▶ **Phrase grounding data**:
::::::::
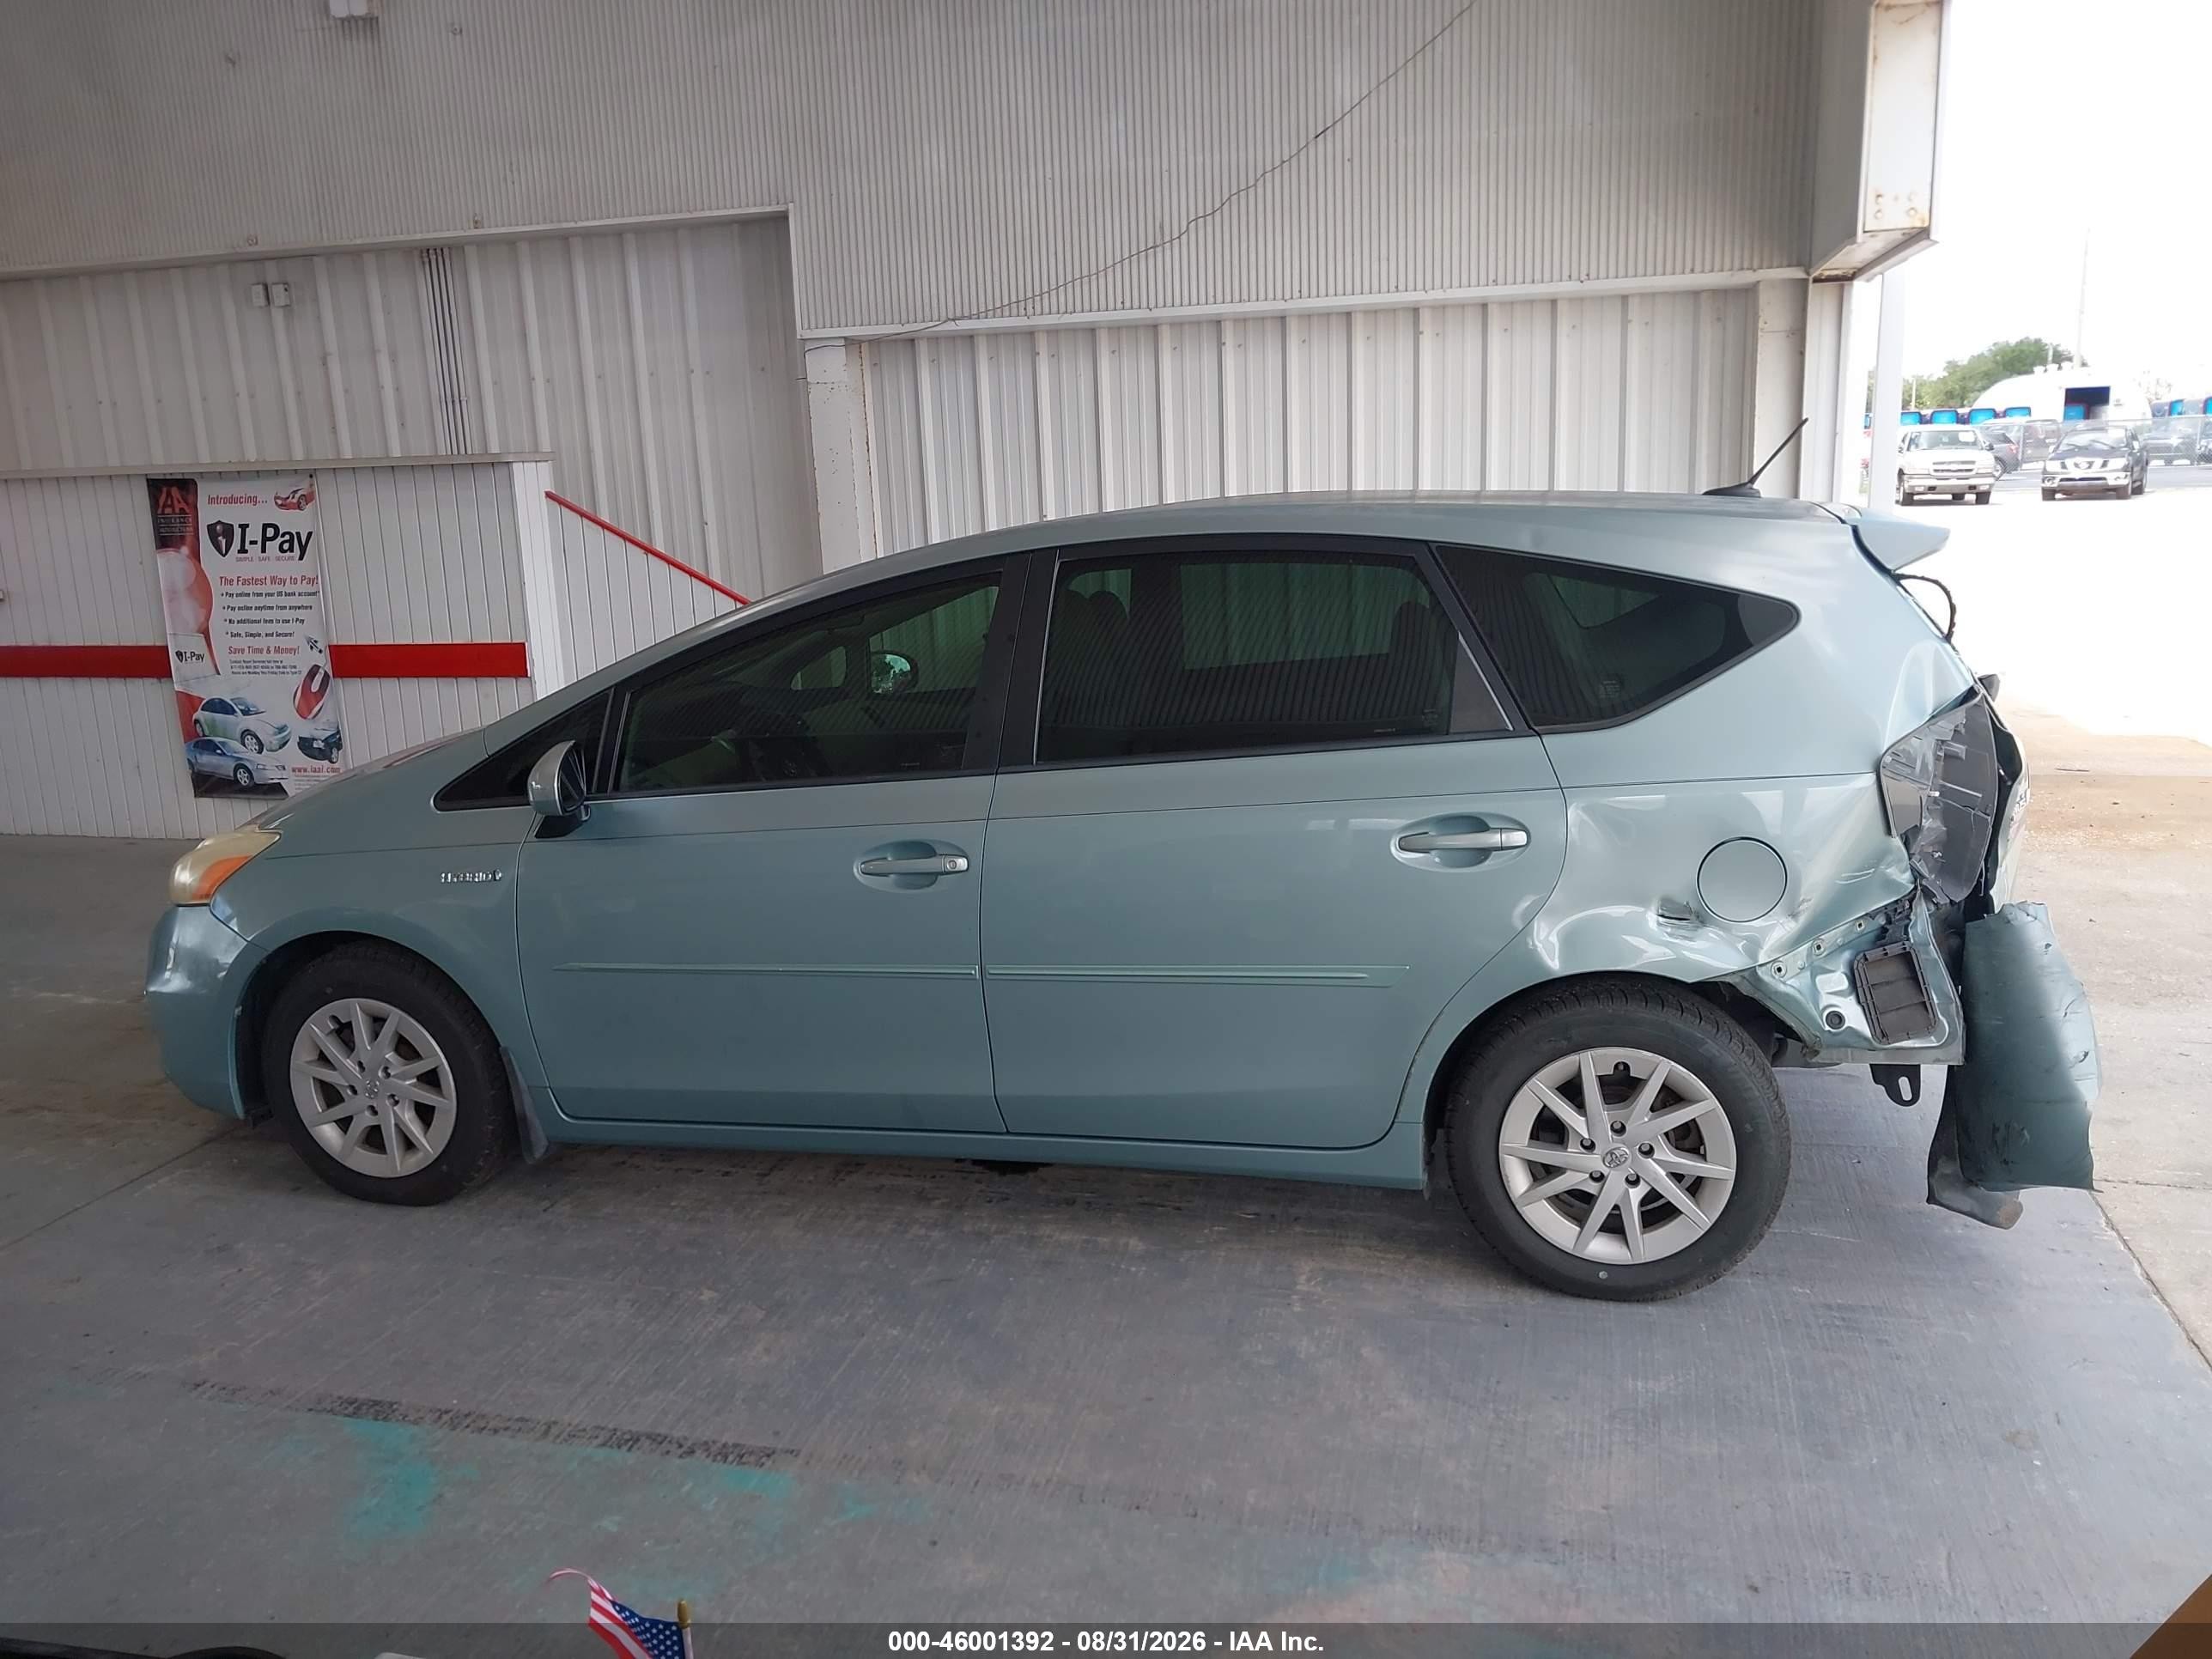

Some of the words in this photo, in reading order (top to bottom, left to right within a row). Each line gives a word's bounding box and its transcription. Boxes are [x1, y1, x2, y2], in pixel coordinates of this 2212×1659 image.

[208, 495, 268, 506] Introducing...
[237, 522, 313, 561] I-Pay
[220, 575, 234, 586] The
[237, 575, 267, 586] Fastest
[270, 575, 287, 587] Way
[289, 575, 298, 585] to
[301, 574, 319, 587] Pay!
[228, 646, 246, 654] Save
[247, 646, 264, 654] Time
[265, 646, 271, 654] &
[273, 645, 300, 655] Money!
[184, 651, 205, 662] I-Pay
::::::::
▶ **Activity**: No pictures should appear in the copy, and each record above is to be returned exactly.

▶ **Task output**:
Some of the words in this photo, in reading order (top to bottom, left to right within a row). Each line gives a word's bounding box and its transcription. Boxes are [x1, y1, x2, y2], in pixel coordinates of this 2212×1659 image.

[208, 495, 268, 506] Introducing...
[237, 522, 313, 561] I-Pay
[220, 575, 234, 586] The
[237, 575, 267, 586] Fastest
[270, 575, 287, 587] Way
[289, 575, 298, 585] to
[301, 574, 319, 587] Pay!
[228, 646, 246, 654] Save
[247, 646, 264, 654] Time
[265, 646, 271, 654] &
[273, 645, 300, 655] Money!
[184, 651, 205, 662] I-Pay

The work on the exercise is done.